Suggestions for Alleviating Gas

* Use herbs, digestive enzymes, or charcoal. Remember charcoal or bentonite will also pull out the good metals and minerals so use with discretion. If used over time, supplement with rich minerals from ocean and lake algae, and land grasses like wheat and barley.

* Exercise with yoga, swimming, and walking.

* Practice breathing exercises.

* Meditate.

* Massage the abdomen.

* Take colon hydrotherapy treatments.

* Fast. One of Gandhi's dietary rules is to abstain from eating when in pain.

* Take a hot bath.

* Avoid complex sugars and starches. 

Some herbs from the Colonic Kitchen for GETTING OUT THE GAS ! 

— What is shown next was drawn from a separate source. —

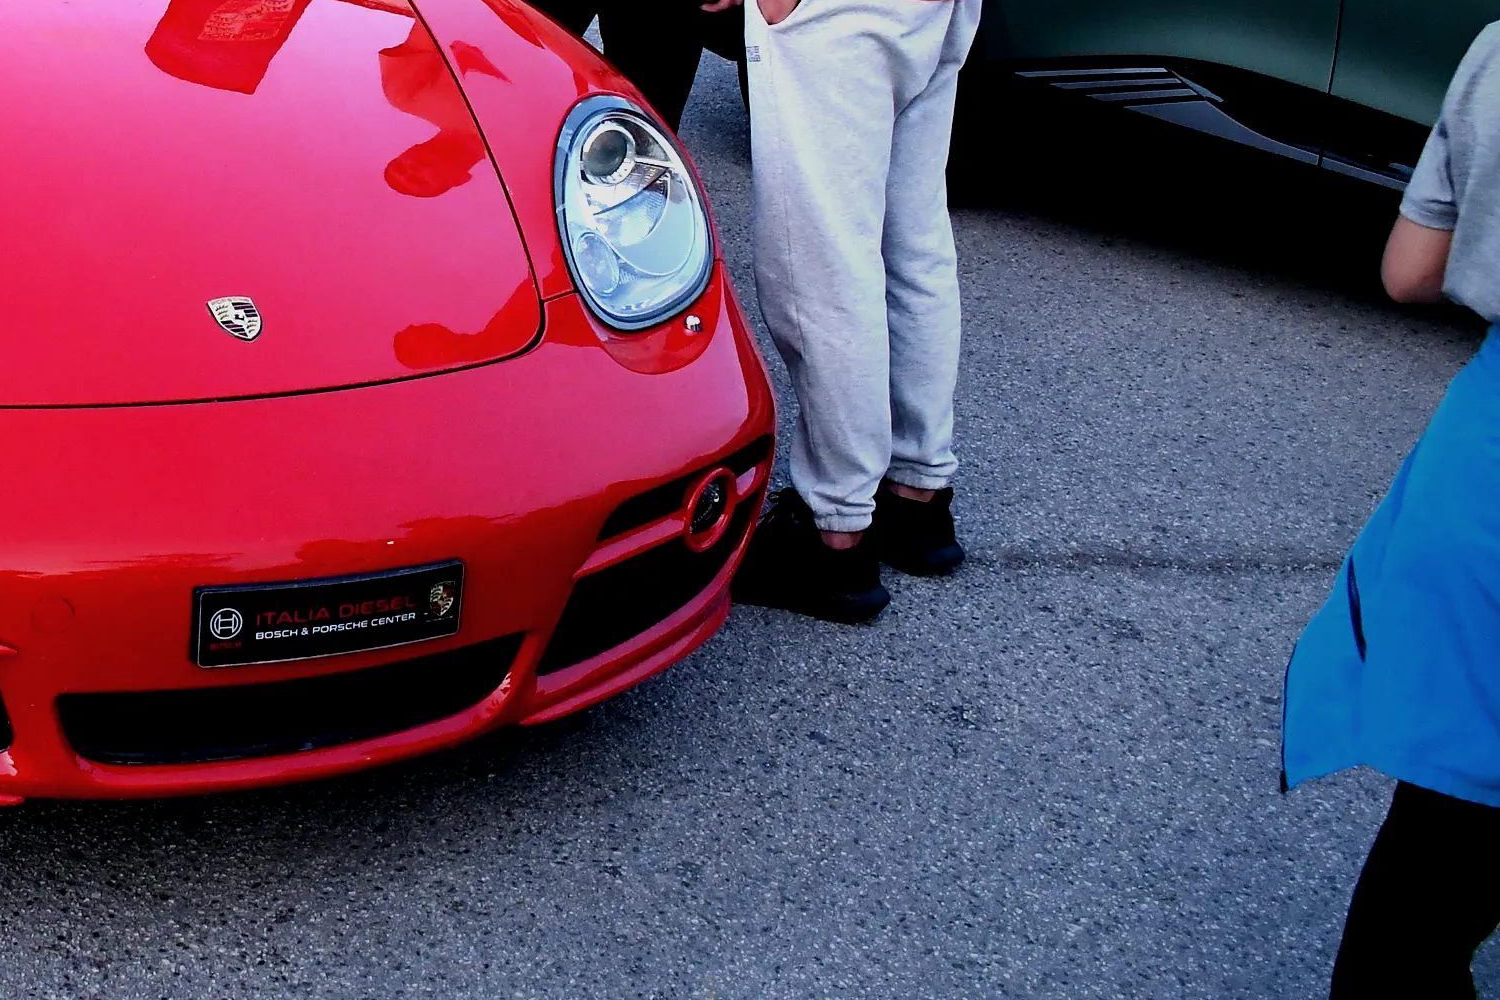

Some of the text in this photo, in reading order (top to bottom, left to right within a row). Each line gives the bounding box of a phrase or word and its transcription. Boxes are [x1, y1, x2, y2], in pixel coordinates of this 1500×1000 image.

: a tea brewed from the crushed seeds can relieve digestive disorders and cramps.

BASIL: from the Greek word for king, is an effective remedy for a variety of digestive disorders, including stomach cramps, vomiting, and constipation.

CARAWAY: soothing for gas and other stomach disorders. Toss a few seeds in your next soup or stew.

CARDAMOM: a standard ingredient of curry. It stimulates the production of gastric juices, improves metabolism, and even helps relieve gas. A doctor friend says the hot, stinging sensation that follows biting into a chile pepper triggers the release of endorphins (chemicals which relieve pain and cause a mild euphoria). Euphoria salsa, extra hot, please!

CELERY: has a calming effect of the digestive system, relieving gas and indigestion. Try a pint juiced.

DILL: best known as a digestive aid and remedy for a sour, gassy stomach.

FENNEL: similar in taste to ANISE, is used to relieve gas, too. It's sold fresh in some supermarkets and can be juiced or chopped into salads.

GARLIC: a powerful digestive aid and gas reliever. It's an antibiotic and works on the pathogenic bacteria.

GINGER: a time-proven remedy for upset stomach, indigestion and cramps. Fresh ginger and orange juice are the basis for the oriental sweet and sour sauce and salad dressings.

OLIVE OIL: an excellent laxative, and it stimulates the production of liver bile.

PAPAYA: breaks down and metabolises protein and relieves indigestion.

PARSLEY: a natural antispasmodic which helps to settle the stomach after a meal. It's great juiced with carrot, or minced in salads.

PEPPERMINT: lessens the amount of time food spends in the stomach by stimulating the gastric lining. It also releases the intestinal muscles. It's effective for stomach ache, nausea, vomiting, and Irritable Bowel Syndrome.

TURMERIC: essential to the foods of India, especially curry. 3000 years ago Indian healers used it to treat obesity. It stimulates the flow of bile from the liver, which breaks down dietary fats. In Asia, it was used to treat stomach disorders and liver-related ailment. Modern research shows that it protects against gallbladder disease.

THYME: Culpepper, one of our earliest herbalists, said, "When taken internally, thyme comforts the stomach much, and expels wind."